Before we begin with JSearch, let's set up our database with the indexes that we will use for the examples. We're using the Documents database for our examples, but feel free to create a new database (with a forest) of your choice if you wish. You can run this JavaScript code in Query Console (http://localhost:8000/qconsole) with the Content Source pointing to the Documents database to apply the setup.

var admin = require('/MarkLogic/admin');
var config = admin.getConfiguration();
var dbid = xdmp.database('Documents');
var cityIndex = admin.databaseRangeElementIndex('string', '', 'city', 'http://marklogic.com/collation/', fn.false());
var popularityIndex   = admin.databaseRangeElementIndex('int', '', 'popularity', '', fn.false());
var distanceIndex   = admin.databaseRangeElementIndex('double', '', 'distance', '', fn.false());
var dateIndex = admin.databaseRangeElementIndex('date', '', 'date', '', fn.false());
var cityLexicon = admin.databaseElementWordLexicon('', 'city', 'http://marklogic.com/collation/');
var geoIndex = admin.databaseGeospatialElementIndex('', 'latLonPoint', 'wgs84', fn.false());
config = admin.databaseAddRangeElementIndex(config, dbid, cityIndex);
config = admin.databaseAddRangeElementIndex(config, dbid, popularityIndex);
config = admin.databaseAddRangeElementIndex(config, dbid, distanceIndex);
config = admin.databaseAddRangeElementIndex(config, dbid, dateIndex);
config = admin.databaseAddElementWordLexicon(config, dbid, cityLexicon);
config = admin.databaseAddGeospatialElementIndex(config, dbid, geoIndex);
admin.saveConfiguration(config);
'Configuration Loaded';

Dataset

This city dataset contains JSON and XML documents. They are inserted into different collections (e.g. "america", "asia", ...). Some of the documents also have quality metadata value.
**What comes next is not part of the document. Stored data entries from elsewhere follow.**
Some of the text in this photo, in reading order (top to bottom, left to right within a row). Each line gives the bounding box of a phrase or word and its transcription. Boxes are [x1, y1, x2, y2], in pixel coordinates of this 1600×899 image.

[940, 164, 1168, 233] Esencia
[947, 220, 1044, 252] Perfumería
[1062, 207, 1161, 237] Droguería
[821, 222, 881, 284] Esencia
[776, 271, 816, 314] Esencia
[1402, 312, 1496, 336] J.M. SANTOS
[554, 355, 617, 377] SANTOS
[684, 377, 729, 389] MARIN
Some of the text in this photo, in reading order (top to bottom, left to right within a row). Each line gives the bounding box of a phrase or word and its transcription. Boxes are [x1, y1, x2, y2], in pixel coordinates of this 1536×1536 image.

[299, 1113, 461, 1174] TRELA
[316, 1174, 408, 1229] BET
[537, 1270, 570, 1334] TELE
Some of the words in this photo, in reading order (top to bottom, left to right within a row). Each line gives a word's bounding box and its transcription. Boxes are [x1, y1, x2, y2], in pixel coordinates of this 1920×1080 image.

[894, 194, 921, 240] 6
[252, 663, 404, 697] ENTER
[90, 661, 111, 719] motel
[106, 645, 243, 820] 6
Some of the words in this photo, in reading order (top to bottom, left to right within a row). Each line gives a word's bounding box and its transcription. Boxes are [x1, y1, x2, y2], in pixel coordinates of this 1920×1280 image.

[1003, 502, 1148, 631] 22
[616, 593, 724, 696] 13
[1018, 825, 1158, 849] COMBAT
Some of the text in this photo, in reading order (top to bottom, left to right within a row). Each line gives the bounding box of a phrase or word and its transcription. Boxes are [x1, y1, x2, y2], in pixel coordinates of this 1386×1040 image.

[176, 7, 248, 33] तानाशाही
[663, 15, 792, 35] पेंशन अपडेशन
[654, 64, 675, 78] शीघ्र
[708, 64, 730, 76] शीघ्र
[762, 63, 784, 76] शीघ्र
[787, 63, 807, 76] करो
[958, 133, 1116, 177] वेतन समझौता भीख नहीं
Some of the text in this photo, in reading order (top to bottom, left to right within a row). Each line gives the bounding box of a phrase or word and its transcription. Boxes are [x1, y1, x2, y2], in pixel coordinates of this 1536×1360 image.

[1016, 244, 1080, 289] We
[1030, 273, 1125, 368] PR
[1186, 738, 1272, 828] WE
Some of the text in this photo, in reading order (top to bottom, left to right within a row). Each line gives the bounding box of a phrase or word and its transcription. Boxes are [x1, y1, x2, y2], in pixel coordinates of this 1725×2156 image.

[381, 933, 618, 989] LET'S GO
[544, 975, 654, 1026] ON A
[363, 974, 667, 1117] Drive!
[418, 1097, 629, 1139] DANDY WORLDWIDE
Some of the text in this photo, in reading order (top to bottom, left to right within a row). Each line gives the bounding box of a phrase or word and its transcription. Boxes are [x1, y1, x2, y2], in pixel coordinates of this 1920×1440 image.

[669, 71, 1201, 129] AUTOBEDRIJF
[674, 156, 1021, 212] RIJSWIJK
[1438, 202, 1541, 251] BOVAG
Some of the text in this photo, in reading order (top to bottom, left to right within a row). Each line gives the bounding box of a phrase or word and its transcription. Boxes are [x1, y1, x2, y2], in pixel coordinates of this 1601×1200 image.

Run this script in Query Console against Documents database to insert the data.

declareUpdate();
xdmp.documentInsert(
  '/example/jsearch/doc1.json',
  {
    'city': 'london',
    'distance': 50.4,
    'date': '2007-01-01',
    'metro': true,
    'description': 'Two recent discoveries indicate probable very early settlements near the Thames',
    'popularity': 5,
    'location': {
      'latLonPoint': '51.50, -0.12',
      'latLonPair': {
        'lat': 51.50,
        'long': -0.12
      },
      'latLonParent': {
        'latLonChild': '51.50, -0.12'
      }
    }
  },
  null,
  'europe',
  4
);
xdmp.documentInsert(
  '/example/jsearch/doc2.json',
  {
    'city': 'new york',
    'distance': 23.3,
    'date': '2006-06-23',
    'metro': true,
    'description': 'Henry Hudsons 1609 voyage marked the beginning of European involvement with the area',
    'popularity': 5,
    'location': {
      'latLonPoint': '40.71, -74.01',
      'latLonPair': {
        'lat': 40.71,
        'long': -74.01
      },
      'latLonParent': {
        'latLonChild': '40.71, -74.01'
      }
    }
  },
  null,
  'america',
  1
);
xdmp.documentInsert(
  '/example/jsearch/doc3.json',
  {
    'city': 'new jersey',
    'distance': 12.9,
    'date': '1971-12-23',
    'metro': false,
    'description': 'American forces under Washington met the forces under General Henry Clinton',
    'popularity': 2,
    'location': {
      'latLonPoint': '40.72, -74.07',
      'latLonPair': {
        'lat': 40.72,
        'long': -74.07
      },
      'latLonParent': {
        'latLonChild': '40.72, -74.07'
      }
    }
  },
  null,
  'america'
);
xdmp.documentInsert(
  '/example/jsearch/doc4.xml',
  xdmp.unquote('<doc><city>beijing</city><distance direction=\"east\">134.5</distance><date>1981-11-09</date><metro rate=\"3\">true</metro><description>The Miyun Reservoir, on the upper reaches of the Chaobai River, is the largest reservoir within the municipality</description><popularity>5</popularity><location><latLonPoint>39.90,116.40</latLonPoint><latLonParent><latLonChild>39.90,116.40</latLonChild></latLonParent><latLonPair><lat>39.90</lat><long>116.40</long></latLonPair><latLonAttrPair lat=\"39.90\" long=\"116.40\"/></location></doc>'),
  null,
  'asia',
  5
);

xdmp.documentInsert(
  '/example/jsearch/doc5.xml',
  xdmp.unquote('<doc><city>cape town</city><distance direction=\"south\">377.9</distance><date>1999-04-22</date><metro rate=\"2\">true</metro><description>The earliest known remnants in the region were found at Peers cave in Fish Hoek</description><popularity>3</popularity><location><latLonPoint>-33.91,18.42</latLonPoint><latLonParent><latLonChild>-33.91,18.42</latLonChild></latLonParent><latLonPair><lat>-33.91</lat><long>18.42</long></latLonPair><latLonAttrPair lat=\"-33.91\" long=\"18.42\"/></location></doc>'),
  null,
  'africa'
);

'Documents Inserted';

Let's say we want to search cities in the "america" continent; we can do so by doing search with a collection scope. Calling jsearch.documents() without any where() clause would match all documents in the database, but because we have specified the collections() scope, this query will match all documents in the "america" collection. Please note that for a larger dataset you'd only see the first 10 documents. We'll take a look at how you can apply pagination to the resultset to display potentially all the results.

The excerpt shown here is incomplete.